◆ Work order: Output the entries word for word. Omit images.

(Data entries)
= = = = = = =
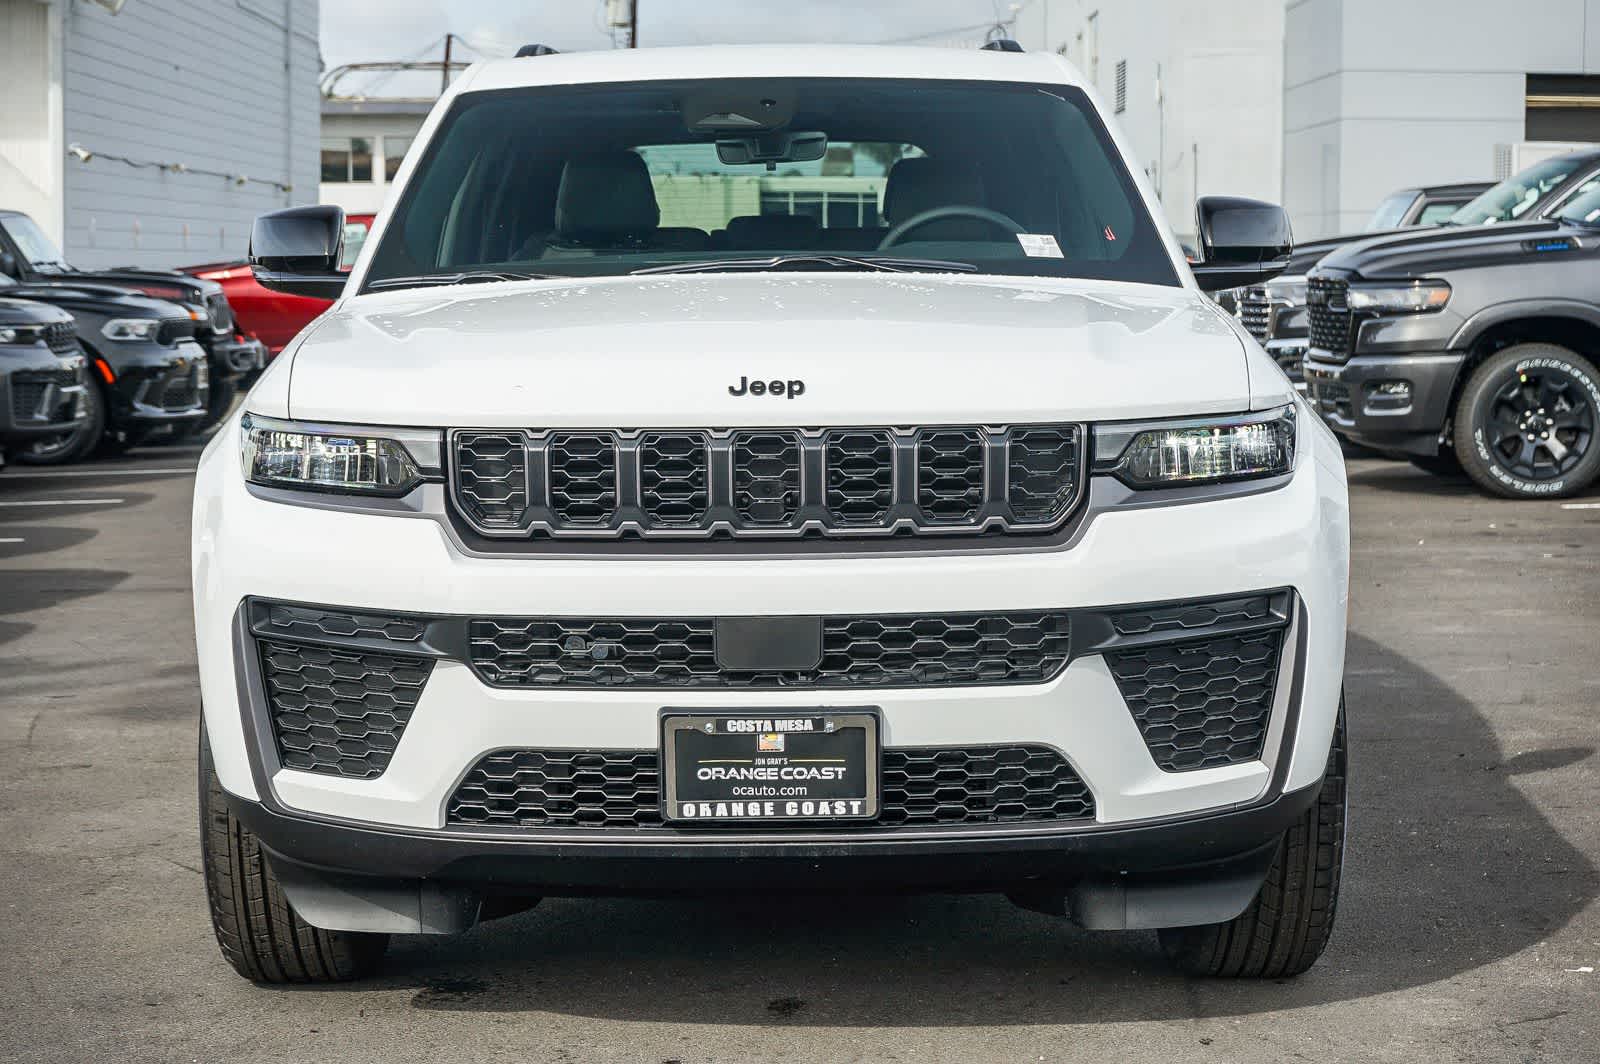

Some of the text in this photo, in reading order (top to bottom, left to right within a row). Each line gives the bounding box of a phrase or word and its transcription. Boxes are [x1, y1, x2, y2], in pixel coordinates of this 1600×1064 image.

[728, 376, 806, 399] Jeep
[727, 719, 813, 732] COSTA MESA
[767, 757, 788, 765] GRAY'S
[697, 767, 847, 780] ORANGE COAST
[732, 785, 808, 796] ocauto.com
[682, 801, 862, 817] ORANGE COAST
= = = = = = =
◆ Result of the exercise:
Some of the text in this photo, in reading order (top to bottom, left to right within a row). Each line gives the bounding box of a phrase or word and its transcription. Boxes are [x1, y1, x2, y2], in pixel coordinates of this 1600×1064 image.

[728, 376, 806, 399] Jeep
[727, 719, 813, 732] COSTA MESA
[767, 757, 788, 765] GRAY'S
[697, 767, 847, 780] ORANGE COAST
[732, 785, 808, 796] ocauto.com
[682, 801, 862, 817] ORANGE COAST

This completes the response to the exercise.